→ **Given entries**:
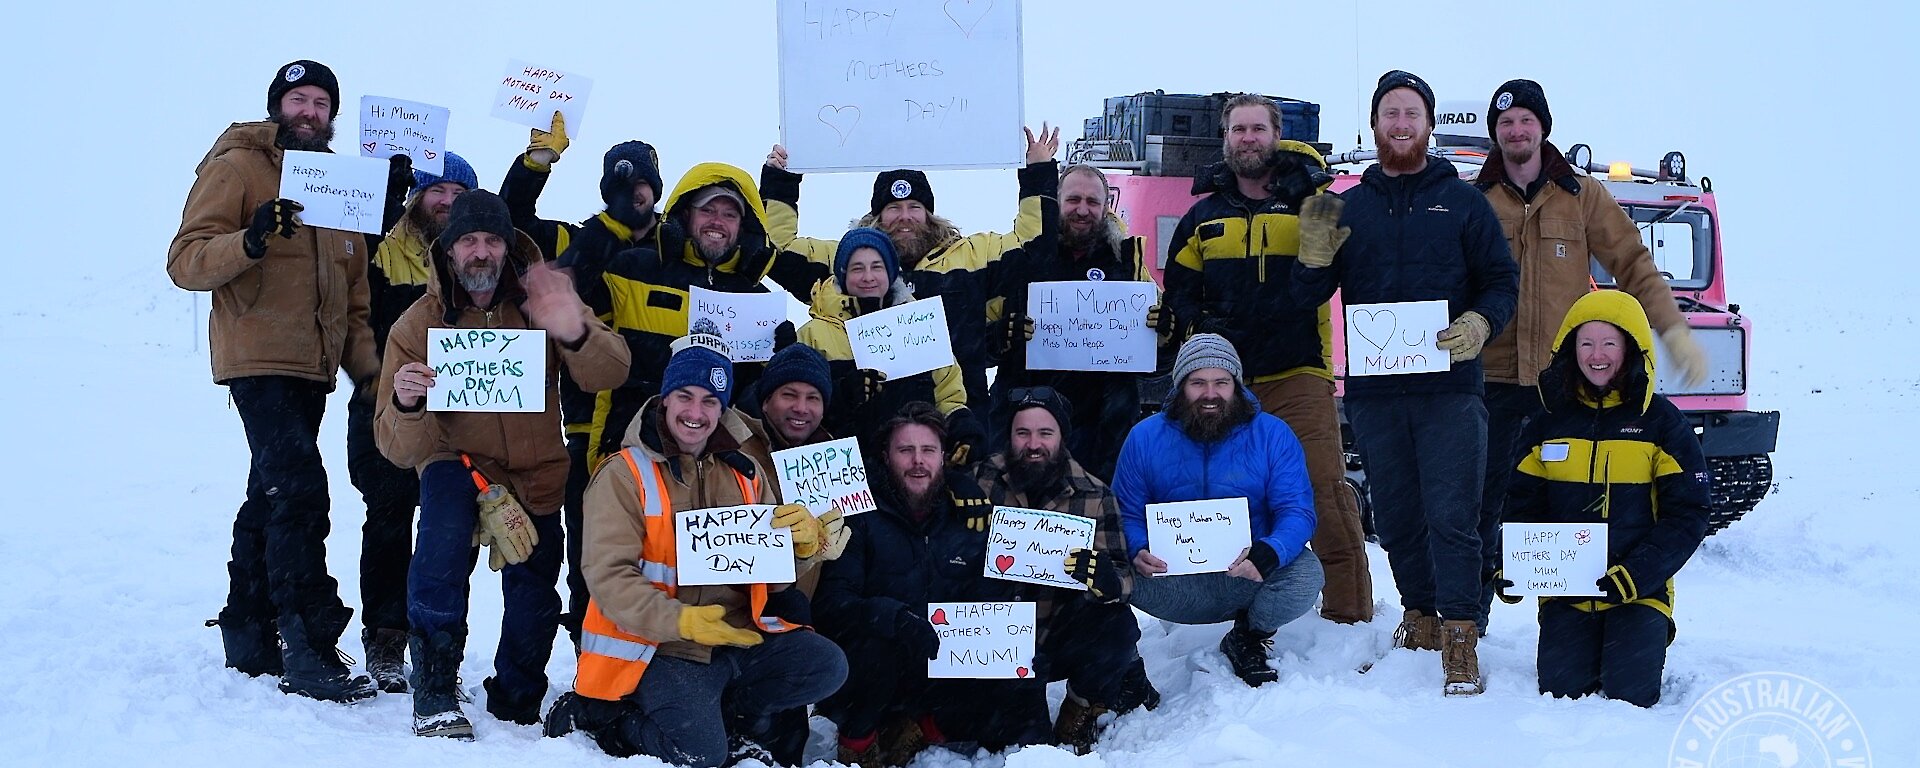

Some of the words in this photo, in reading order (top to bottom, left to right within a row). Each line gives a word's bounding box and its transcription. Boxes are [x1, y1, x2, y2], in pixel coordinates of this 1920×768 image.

[803, 1, 897, 41] HAPPY
[522, 66, 564, 84] HAPPY
[846, 59, 944, 82] MOTHERS
[508, 95, 539, 113] MUM
[549, 90, 573, 103] DAY
[371, 104, 385, 118] Hi
[1436, 112, 1477, 125] MRAD
[364, 123, 396, 141] Happy
[403, 127, 435, 144] Mothers
[292, 165, 328, 179] Happy
[303, 182, 348, 198] Mothers
[351, 188, 375, 202] Day
[698, 299, 737, 319] HUGS
[1040, 288, 1059, 314] Hi
[1076, 288, 1127, 315] Mum
[857, 322, 893, 341] Happy
[1034, 318, 1063, 337] Happy
[1068, 317, 1103, 332] Mothers
[439, 330, 520, 353] HAPPY
[867, 344, 896, 361] Day
[903, 325, 936, 348] Mum!
[1042, 338, 1060, 349] Miss
[1063, 338, 1078, 348] You
[1082, 337, 1105, 350] Heaps
[435, 358, 524, 377] MOTHERS
[1091, 355, 1110, 365] Love
[465, 376, 496, 393] DAY
[446, 385, 523, 409] MUM
[783, 447, 853, 481] HAPPY
[685, 509, 768, 532] HAPPY
[995, 512, 1026, 530] Happy
[1033, 517, 1085, 538] Mother's
[1156, 511, 1182, 529] Happy
[1216, 512, 1232, 526] Day
[691, 530, 785, 552] MOTHER'S
[992, 532, 1017, 550] Day
[1026, 541, 1069, 557] Mum!
[1175, 533, 1195, 545] Mum
[1524, 530, 1561, 546] HAPPY
[705, 554, 755, 575] DAY
[1511, 550, 1551, 562] MOTHERS
[1560, 549, 1577, 562] DAY
[1025, 564, 1055, 580] John
[1534, 567, 1558, 576] MUM
[955, 602, 1013, 619] HAPPY
[1006, 623, 1034, 636] DAY
[950, 646, 1019, 667] MUM!

→ **Task item**:
What is needed is a word-for-word transcription of all the entries, with the pictures dropped.

→ **Output for this task**:
Some of the words in this photo, in reading order (top to bottom, left to right within a row). Each line gives a word's bounding box and its transcription. Boxes are [x1, y1, x2, y2], in pixel coordinates of this 1920×768 image.

[803, 1, 897, 41] HAPPY
[522, 66, 564, 84] HAPPY
[846, 59, 944, 82] MOTHERS
[508, 95, 539, 113] MUM
[549, 90, 573, 103] DAY
[371, 104, 385, 118] Hi
[1436, 112, 1477, 125] MRAD
[364, 123, 396, 141] Happy
[403, 127, 435, 144] Mothers
[292, 165, 328, 179] Happy
[303, 182, 348, 198] Mothers
[351, 188, 375, 202] Day
[698, 299, 737, 319] HUGS
[1040, 288, 1059, 314] Hi
[1076, 288, 1127, 315] Mum
[857, 322, 893, 341] Happy
[1034, 318, 1063, 337] Happy
[1068, 317, 1103, 332] Mothers
[439, 330, 520, 353] HAPPY
[867, 344, 896, 361] Day
[903, 325, 936, 348] Mum!
[1042, 338, 1060, 349] Miss
[1063, 338, 1078, 348] You
[1082, 337, 1105, 350] Heaps
[435, 358, 524, 377] MOTHERS
[1091, 355, 1110, 365] Love
[465, 376, 496, 393] DAY
[446, 385, 523, 409] MUM
[783, 447, 853, 481] HAPPY
[685, 509, 768, 532] HAPPY
[995, 512, 1026, 530] Happy
[1033, 517, 1085, 538] Mother's
[1156, 511, 1182, 529] Happy
[1216, 512, 1232, 526] Day
[691, 530, 785, 552] MOTHER'S
[992, 532, 1017, 550] Day
[1026, 541, 1069, 557] Mum!
[1175, 533, 1195, 545] Mum
[1524, 530, 1561, 546] HAPPY
[705, 554, 755, 575] DAY
[1511, 550, 1551, 562] MOTHERS
[1560, 549, 1577, 562] DAY
[1025, 564, 1055, 580] John
[1534, 567, 1558, 576] MUM
[955, 602, 1013, 619] HAPPY
[1006, 623, 1034, 636] DAY
[950, 646, 1019, 667] MUM!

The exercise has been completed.